→ **TASK TO COMPLETE**
Could you print every record below exactly as written?

Recorded data
════════════════════
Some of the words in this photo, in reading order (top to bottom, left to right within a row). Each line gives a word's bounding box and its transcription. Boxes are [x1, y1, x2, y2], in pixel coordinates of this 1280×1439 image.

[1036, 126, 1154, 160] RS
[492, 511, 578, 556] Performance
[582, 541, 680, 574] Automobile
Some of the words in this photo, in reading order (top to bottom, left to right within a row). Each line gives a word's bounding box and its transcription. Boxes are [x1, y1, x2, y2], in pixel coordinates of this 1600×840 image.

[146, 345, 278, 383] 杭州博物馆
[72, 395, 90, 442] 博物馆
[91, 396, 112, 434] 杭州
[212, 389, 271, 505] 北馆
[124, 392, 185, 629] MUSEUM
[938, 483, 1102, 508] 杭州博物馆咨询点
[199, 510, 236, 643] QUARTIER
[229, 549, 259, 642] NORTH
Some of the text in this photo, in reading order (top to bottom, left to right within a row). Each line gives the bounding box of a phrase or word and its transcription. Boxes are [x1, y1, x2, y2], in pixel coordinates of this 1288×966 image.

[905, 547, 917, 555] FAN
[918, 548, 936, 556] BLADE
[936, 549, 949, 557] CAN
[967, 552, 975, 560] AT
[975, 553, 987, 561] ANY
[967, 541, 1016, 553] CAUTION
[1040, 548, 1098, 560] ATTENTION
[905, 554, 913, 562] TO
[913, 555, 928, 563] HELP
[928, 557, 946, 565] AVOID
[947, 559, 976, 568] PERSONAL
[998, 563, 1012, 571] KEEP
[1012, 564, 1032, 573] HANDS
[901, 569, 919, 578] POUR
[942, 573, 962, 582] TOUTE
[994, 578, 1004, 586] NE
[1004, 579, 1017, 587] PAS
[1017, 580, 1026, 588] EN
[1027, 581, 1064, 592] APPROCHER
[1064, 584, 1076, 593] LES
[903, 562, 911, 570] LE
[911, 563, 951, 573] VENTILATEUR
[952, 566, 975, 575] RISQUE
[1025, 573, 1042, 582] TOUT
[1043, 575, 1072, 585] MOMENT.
════════════════════
→ **WORKED SOLUTION**
Some of the words in this photo, in reading order (top to bottom, left to right within a row). Each line gives a word's bounding box and its transcription. Boxes are [x1, y1, x2, y2], in pixel coordinates of this 1280×1439 image.

[1036, 126, 1154, 160] RS
[492, 511, 578, 556] Performance
[582, 541, 680, 574] Automobile
Some of the words in this photo, in reading order (top to bottom, left to right within a row). Each line gives a word's bounding box and its transcription. Boxes are [x1, y1, x2, y2], in pixel coordinates of this 1600×840 image.

[146, 345, 278, 383] 杭州博物馆
[72, 395, 90, 442] 博物馆
[91, 396, 112, 434] 杭州
[212, 389, 271, 505] 北馆
[124, 392, 185, 629] MUSEUM
[938, 483, 1102, 508] 杭州博物馆咨询点
[199, 510, 236, 643] QUARTIER
[229, 549, 259, 642] NORTH
Some of the text in this photo, in reading order (top to bottom, left to right within a row). Each line gives the bounding box of a phrase or word and its transcription. Boxes are [x1, y1, x2, y2], in pixel coordinates of this 1288×966 image.

[905, 547, 917, 555] FAN
[918, 548, 936, 556] BLADE
[936, 549, 949, 557] CAN
[967, 552, 975, 560] AT
[975, 553, 987, 561] ANY
[967, 541, 1016, 553] CAUTION
[1040, 548, 1098, 560] ATTENTION
[905, 554, 913, 562] TO
[913, 555, 928, 563] HELP
[928, 557, 946, 565] AVOID
[947, 559, 976, 568] PERSONAL
[998, 563, 1012, 571] KEEP
[1012, 564, 1032, 573] HANDS
[901, 569, 919, 578] POUR
[942, 573, 962, 582] TOUTE
[994, 578, 1004, 586] NE
[1004, 579, 1017, 587] PAS
[1017, 580, 1026, 588] EN
[1027, 581, 1064, 592] APPROCHER
[1064, 584, 1076, 593] LES
[903, 562, 911, 570] LE
[911, 563, 951, 573] VENTILATEUR
[952, 566, 975, 575] RISQUE
[1025, 573, 1042, 582] TOUT
[1043, 575, 1072, 585] MOMENT.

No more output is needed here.